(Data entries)
<<<<

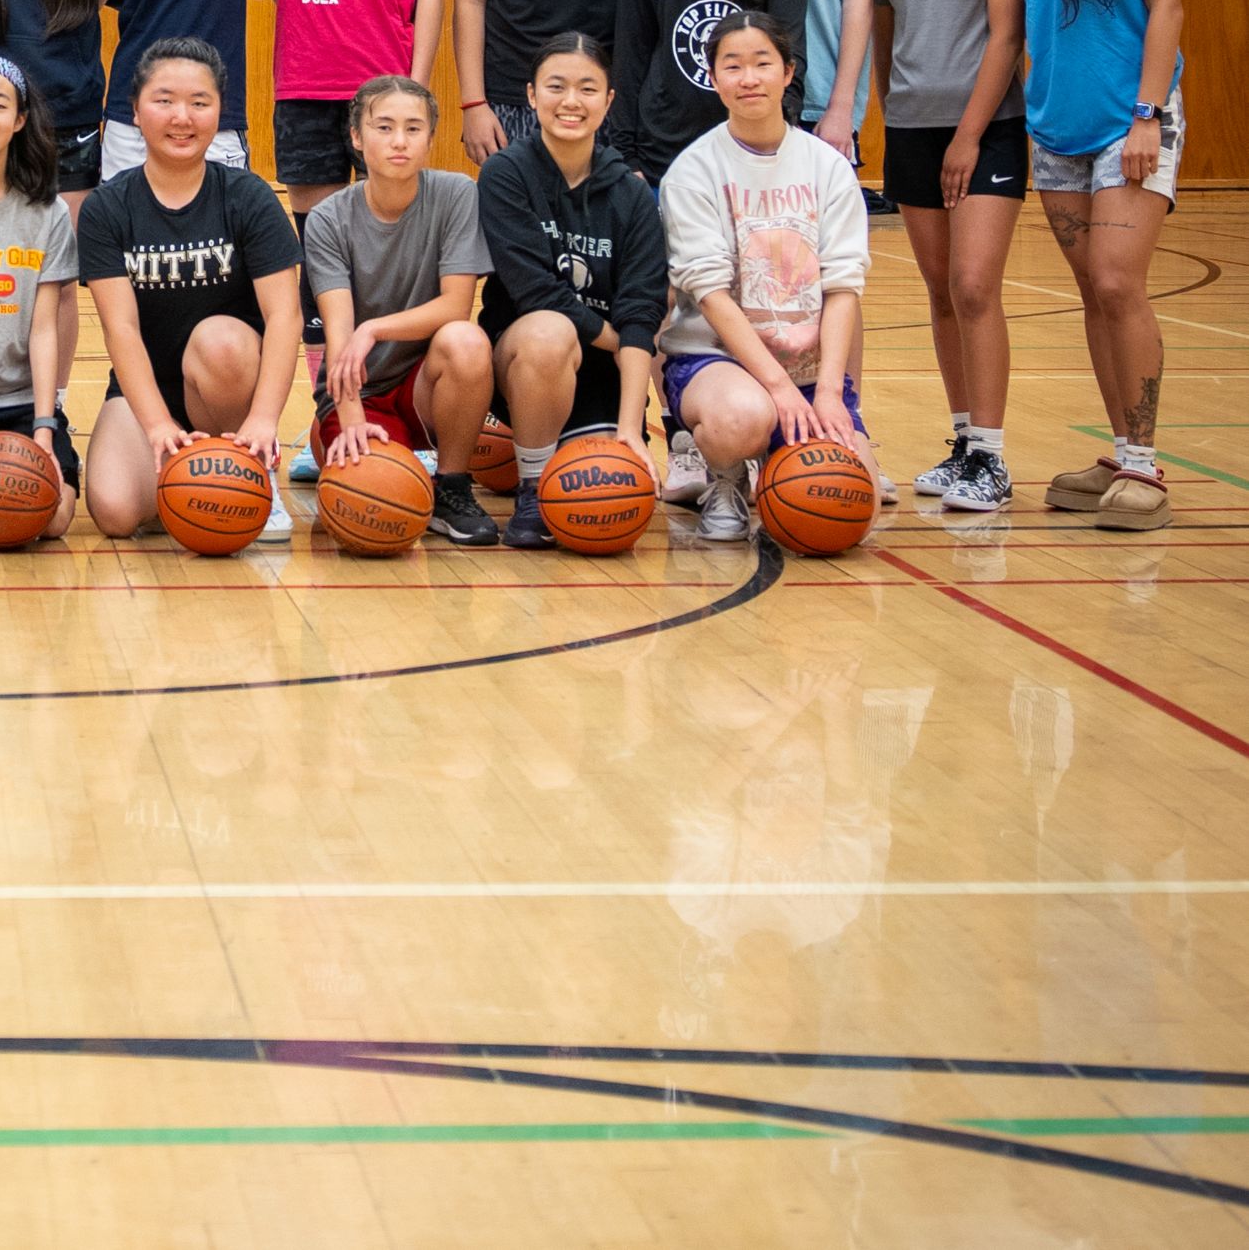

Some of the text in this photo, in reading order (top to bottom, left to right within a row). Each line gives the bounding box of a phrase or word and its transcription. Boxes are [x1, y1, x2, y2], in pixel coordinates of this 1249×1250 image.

[677, 3, 738, 35] TOP FLI
[540, 220, 613, 258] HKER
[124, 243, 235, 282] MITTY
[188, 457, 267, 490] Wilson
[558, 465, 638, 493] Wilson
[187, 497, 260, 518] EVOLUTION
[332, 498, 408, 538] SPALDING
[566, 506, 640, 526] EVOLUTION
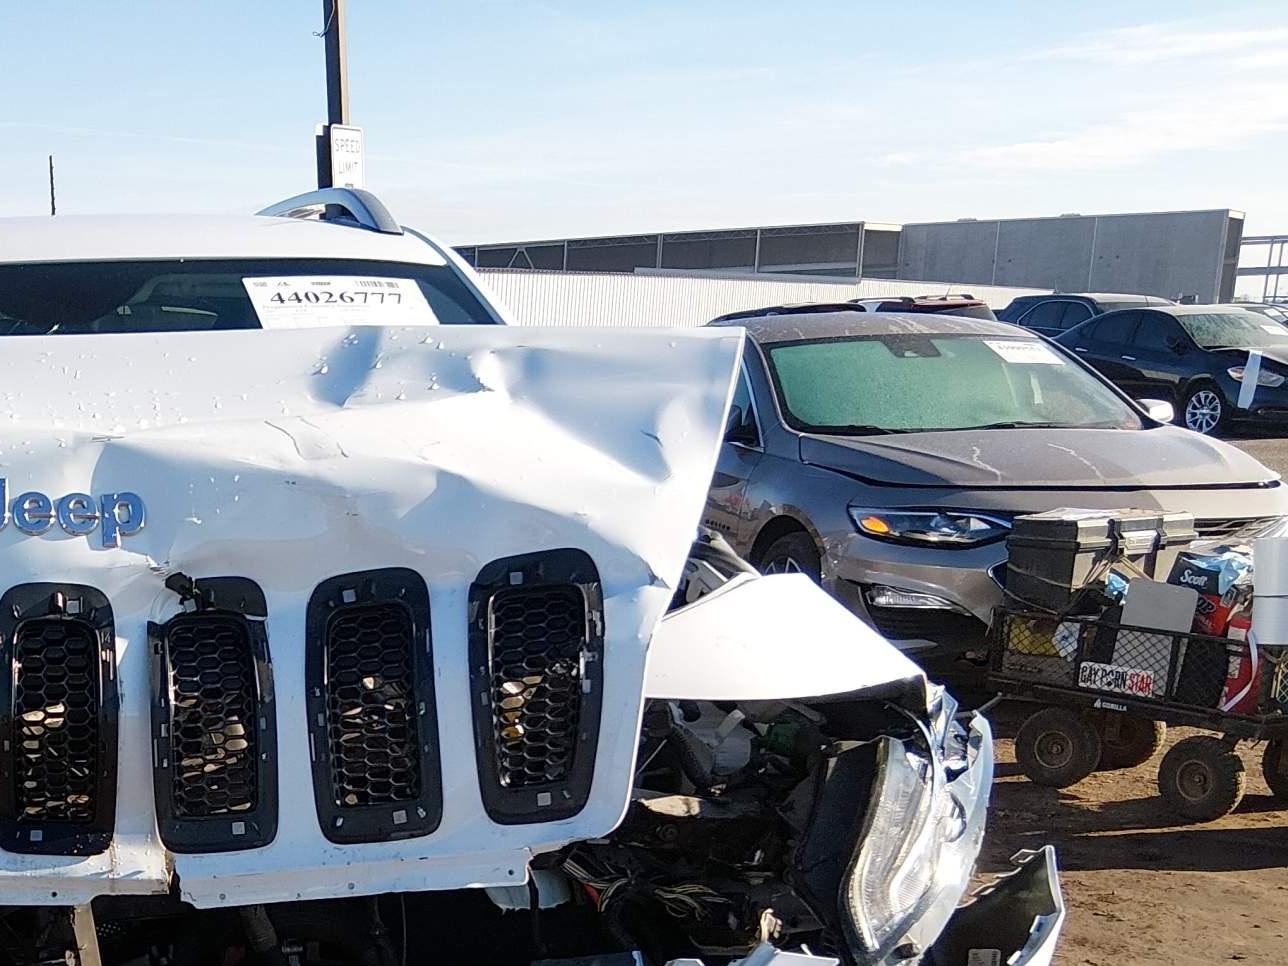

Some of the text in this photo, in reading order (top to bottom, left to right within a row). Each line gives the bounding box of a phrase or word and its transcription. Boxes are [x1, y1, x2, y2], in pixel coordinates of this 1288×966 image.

[335, 138, 361, 153] SPEED
[270, 291, 402, 304] 44026777
[1179, 569, 1208, 586] Scott
[1080, 665, 1099, 684] GAY
[1127, 671, 1153, 695] STAR
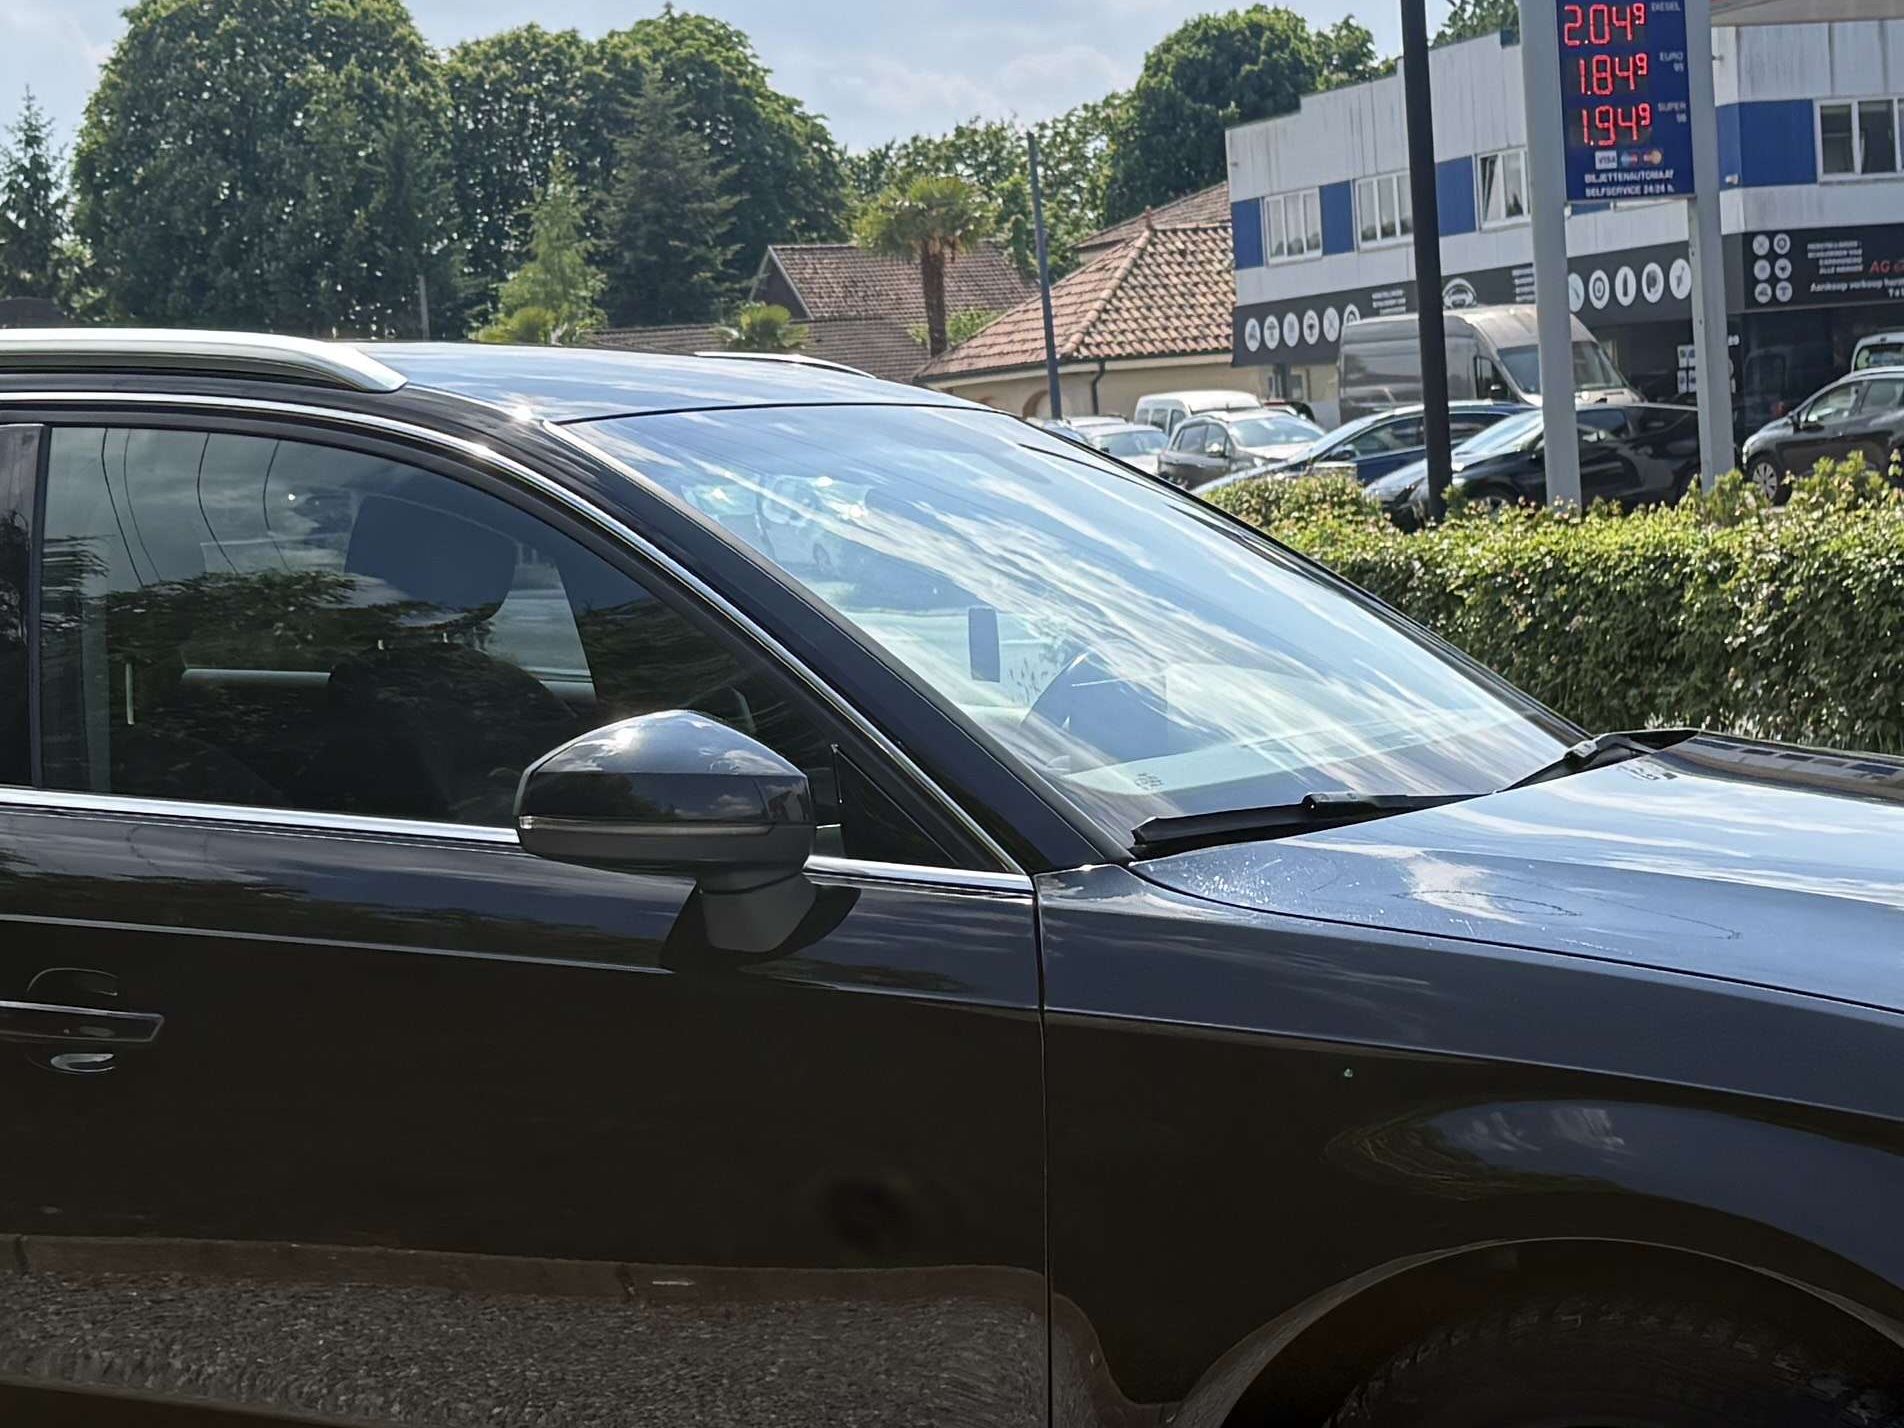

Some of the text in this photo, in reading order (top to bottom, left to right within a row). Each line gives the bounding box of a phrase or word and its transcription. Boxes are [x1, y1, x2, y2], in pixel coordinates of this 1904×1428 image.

[1563, 2, 1646, 47] 2.049
[1578, 52, 1648, 96] 1.849
[1581, 101, 1652, 147] 1.949
[1871, 260, 1891, 274] AG

>>>>

● Assigned task
Word for word, retype the lines from the one that contains "this 1288×966 image." through the final line of the data, both ends included, excluding pictures.

● Response box
Some of the text in this photo, in reading order (top to bottom, left to right within a row). Each line gives the bounding box of a phrase or word and its transcription. Boxes are [x1, y1, x2, y2], in pixel coordinates of this 1288×966 image.

[335, 138, 361, 153] SPEED
[270, 291, 402, 304] 44026777
[1179, 569, 1208, 586] Scott
[1080, 665, 1099, 684] GAY
[1127, 671, 1153, 695] STAR

Some of the text in this photo, in reading order (top to bottom, left to right within a row). Each line gives the bounding box of a phrase or word and its transcription. Boxes are [x1, y1, x2, y2], in pixel coordinates of this 1904×1428 image.

[1563, 2, 1646, 47] 2.049
[1578, 52, 1648, 96] 1.849
[1581, 101, 1652, 147] 1.949
[1871, 260, 1891, 274] AG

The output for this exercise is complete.